[PROVIDED RECORDS]

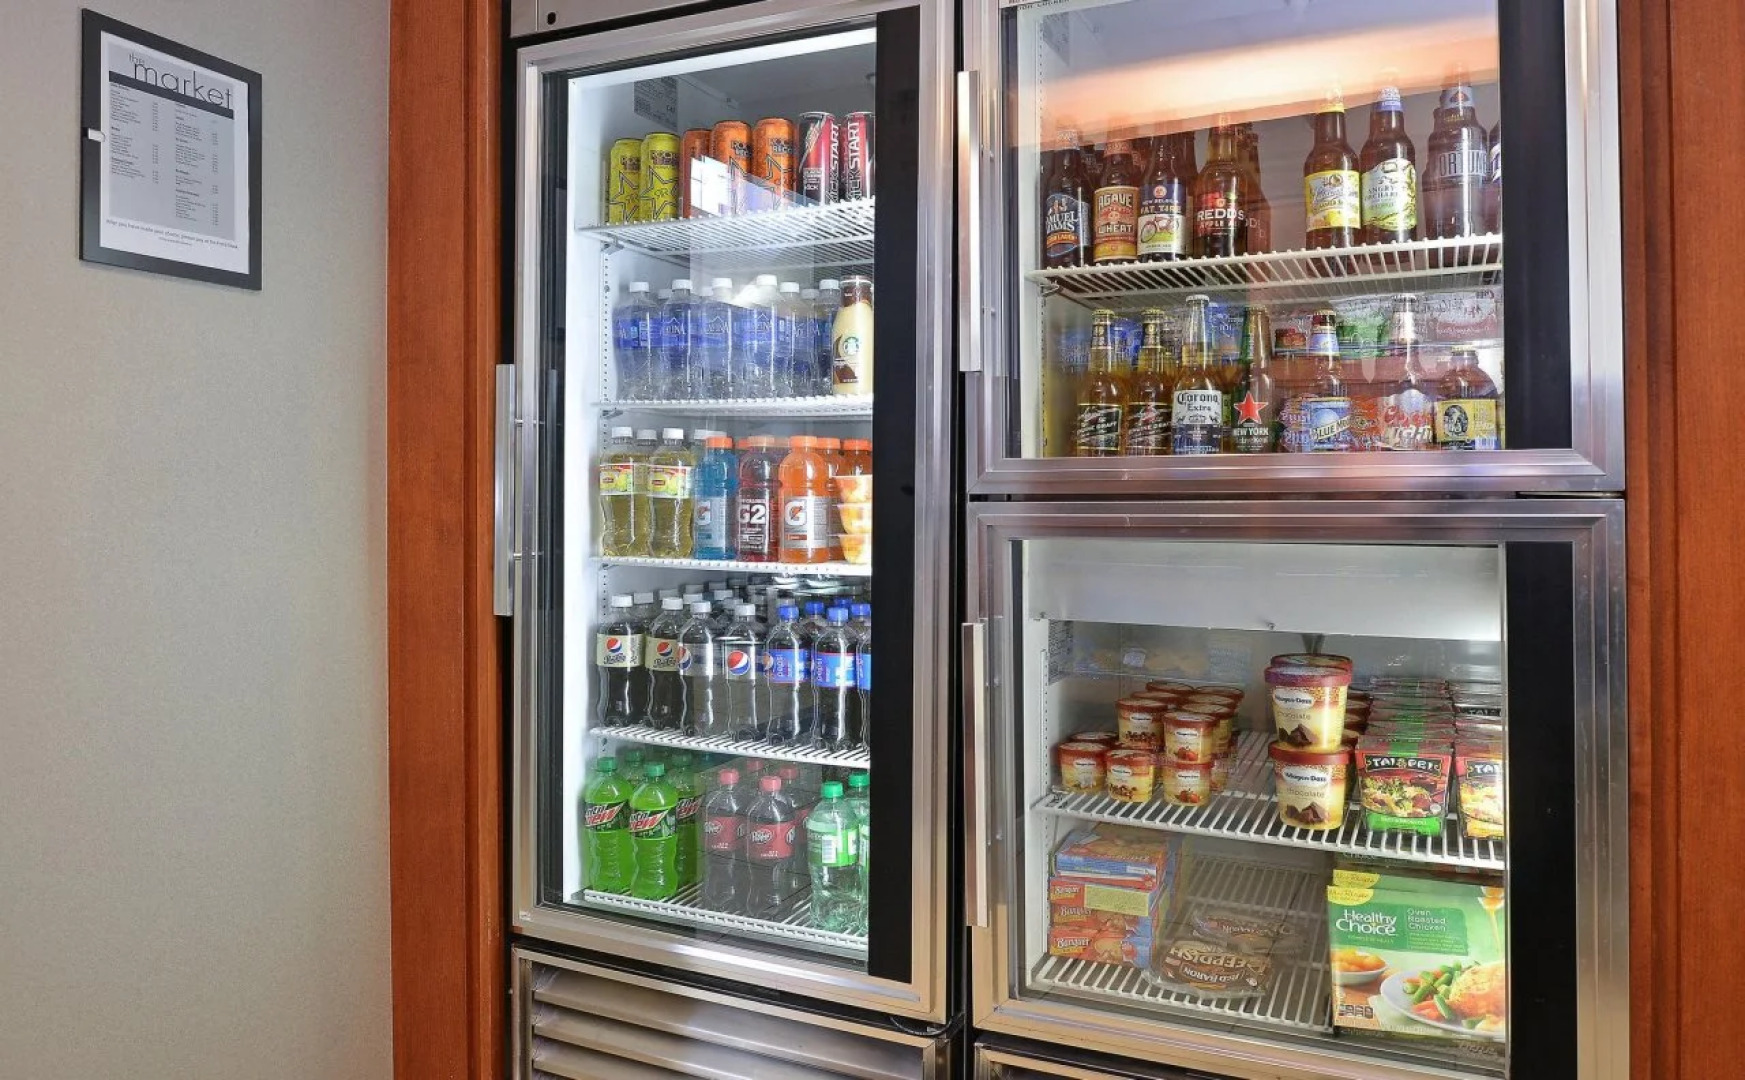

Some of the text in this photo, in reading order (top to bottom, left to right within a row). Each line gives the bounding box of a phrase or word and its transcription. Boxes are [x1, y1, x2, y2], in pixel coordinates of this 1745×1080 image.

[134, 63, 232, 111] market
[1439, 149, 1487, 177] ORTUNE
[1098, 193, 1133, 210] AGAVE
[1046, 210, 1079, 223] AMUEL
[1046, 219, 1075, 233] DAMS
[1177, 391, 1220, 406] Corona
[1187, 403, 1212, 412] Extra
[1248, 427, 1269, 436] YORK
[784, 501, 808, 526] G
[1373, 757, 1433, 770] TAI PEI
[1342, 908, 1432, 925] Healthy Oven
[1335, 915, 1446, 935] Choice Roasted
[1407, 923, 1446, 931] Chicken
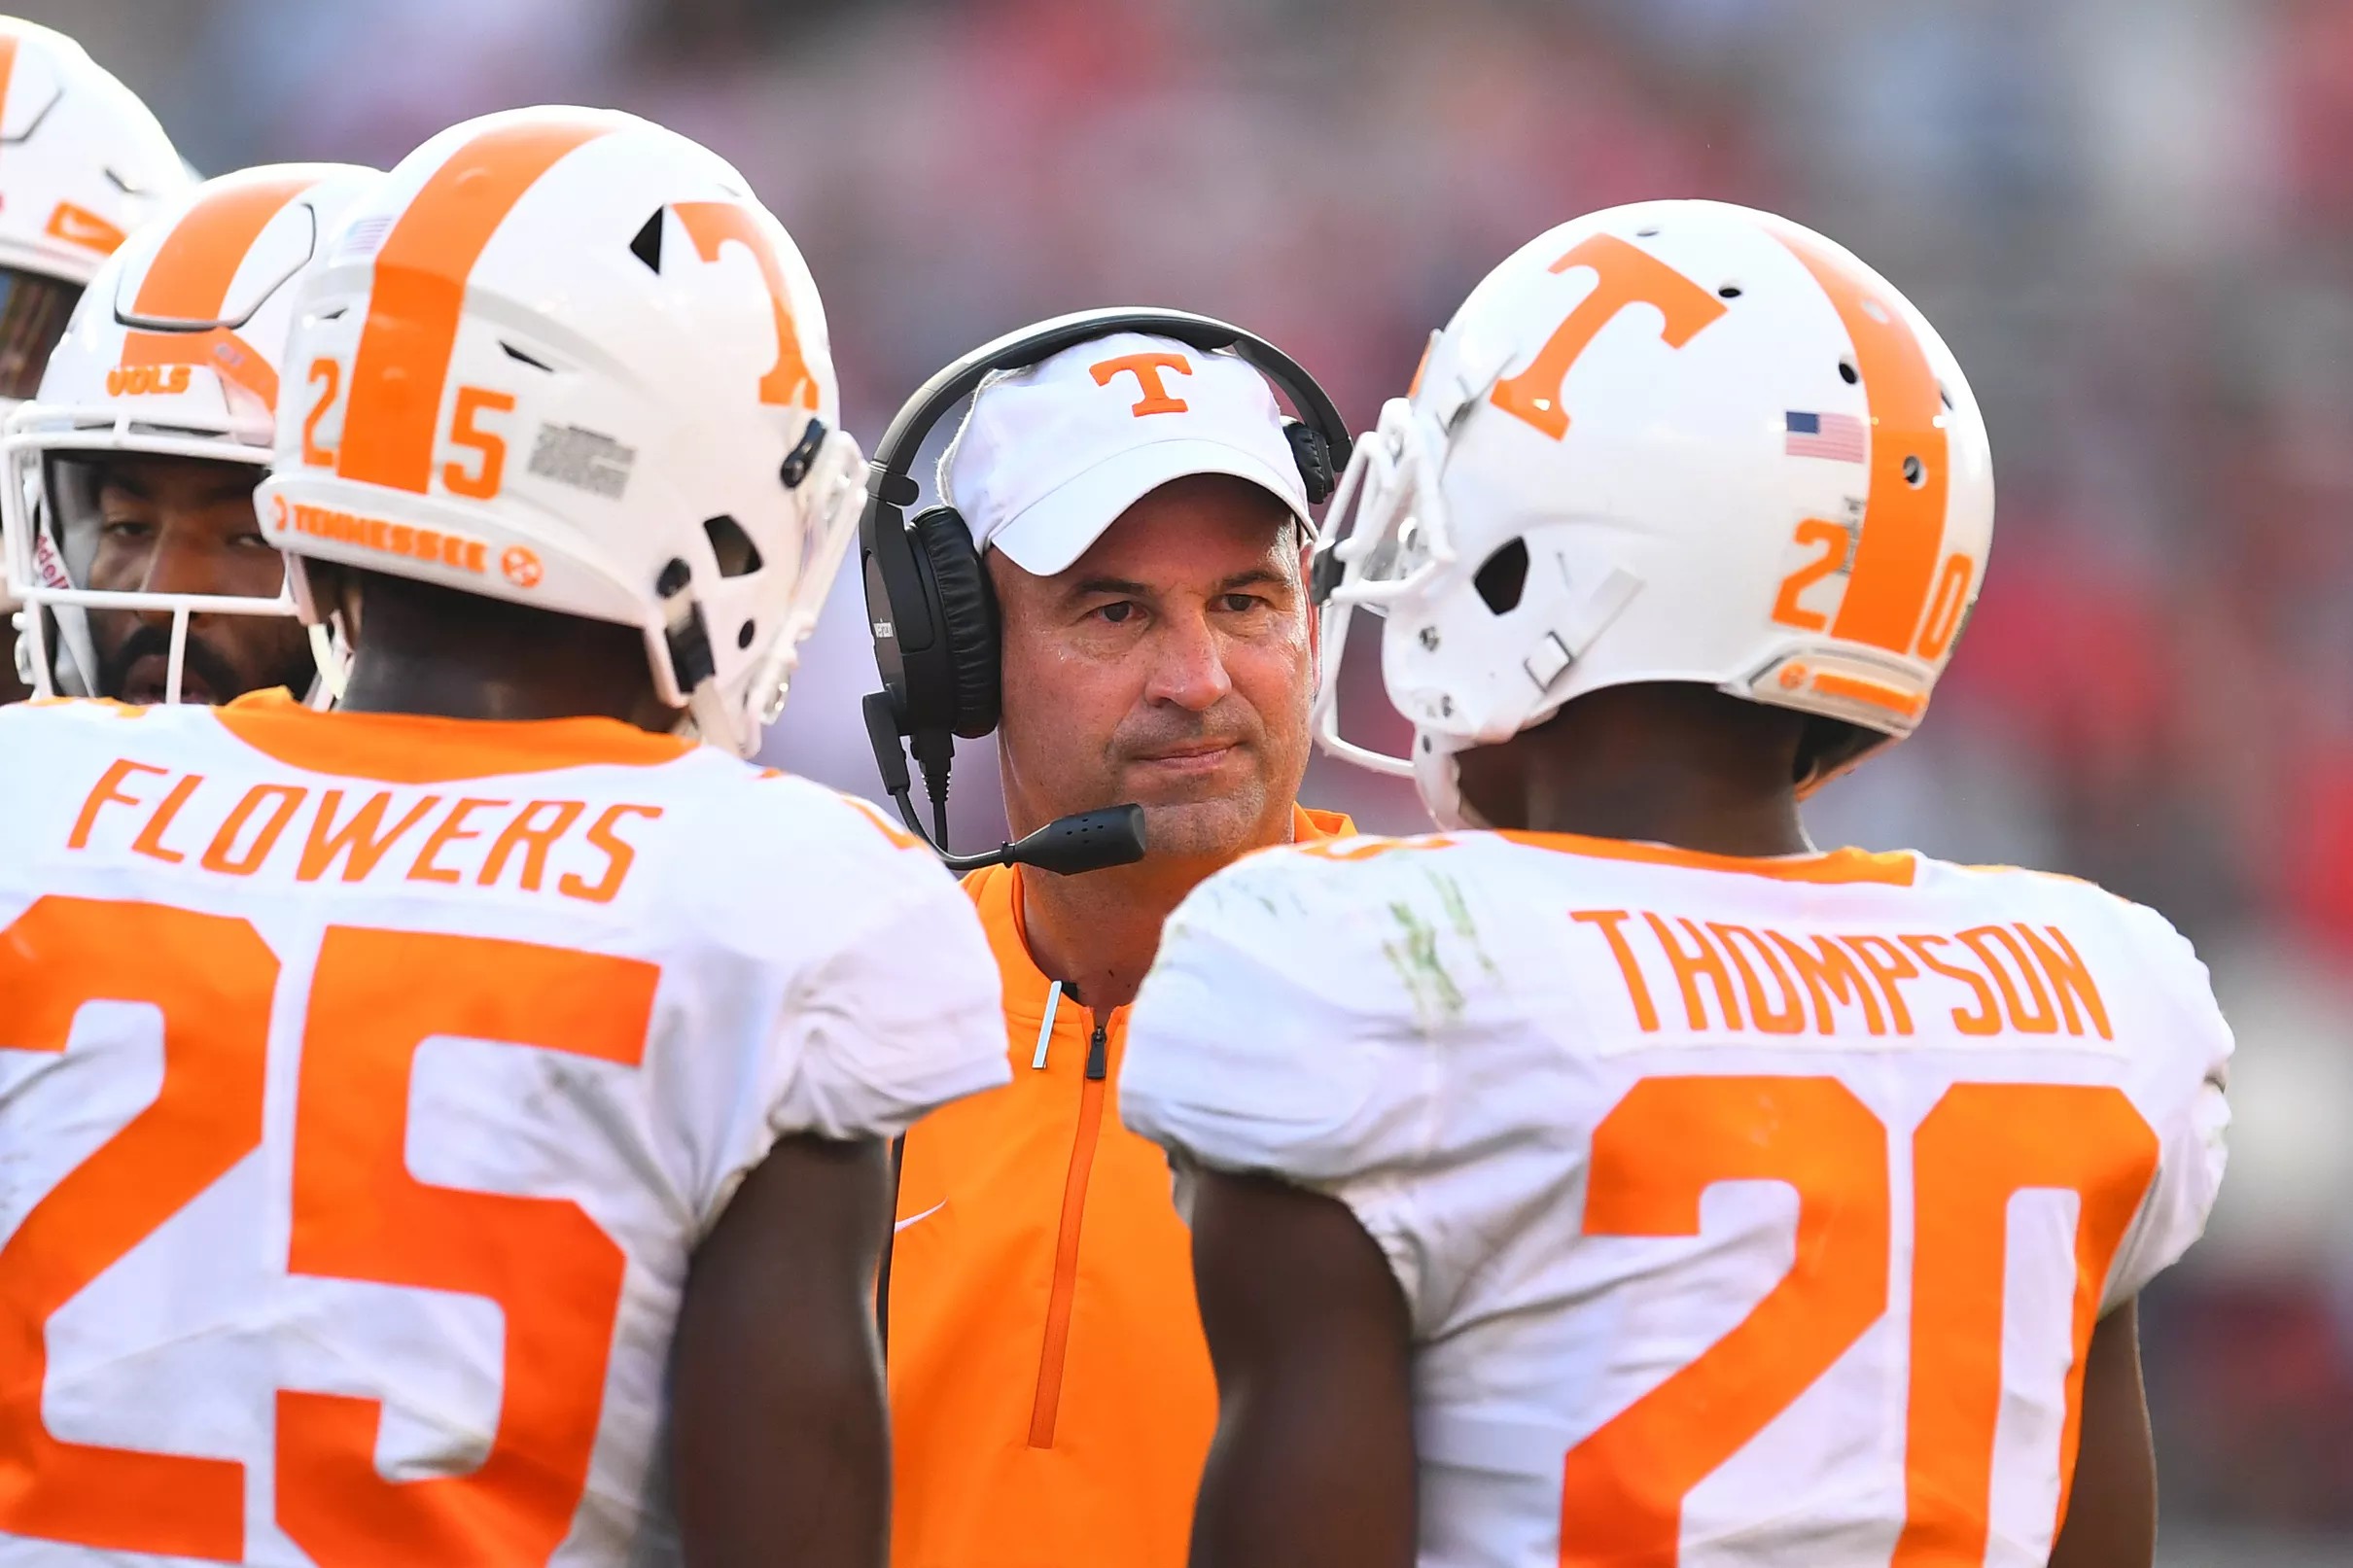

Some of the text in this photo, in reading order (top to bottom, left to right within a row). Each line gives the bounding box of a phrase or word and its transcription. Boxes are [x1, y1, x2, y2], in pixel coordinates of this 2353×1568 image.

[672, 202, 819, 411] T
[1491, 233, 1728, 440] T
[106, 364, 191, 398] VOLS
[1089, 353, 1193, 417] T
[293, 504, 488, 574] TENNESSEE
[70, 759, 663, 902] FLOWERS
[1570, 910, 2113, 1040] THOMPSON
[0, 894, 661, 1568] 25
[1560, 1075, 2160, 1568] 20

[/PROVIDED RECORDS]

▶ **TASK**: Up to and including the last line of the records above, print exactly every line from the one that contains "this 2353×1568 image." onward.

▶ **ANSWER TO THIS TASK**:
Some of the text in this photo, in reading order (top to bottom, left to right within a row). Each line gives the bounding box of a phrase or word and its transcription. Boxes are [x1, y1, x2, y2], in pixel coordinates of this 2353×1568 image.

[672, 202, 819, 411] T
[1491, 233, 1728, 440] T
[106, 364, 191, 398] VOLS
[1089, 353, 1193, 417] T
[293, 504, 488, 574] TENNESSEE
[70, 759, 663, 902] FLOWERS
[1570, 910, 2113, 1040] THOMPSON
[0, 894, 661, 1568] 25
[1560, 1075, 2160, 1568] 20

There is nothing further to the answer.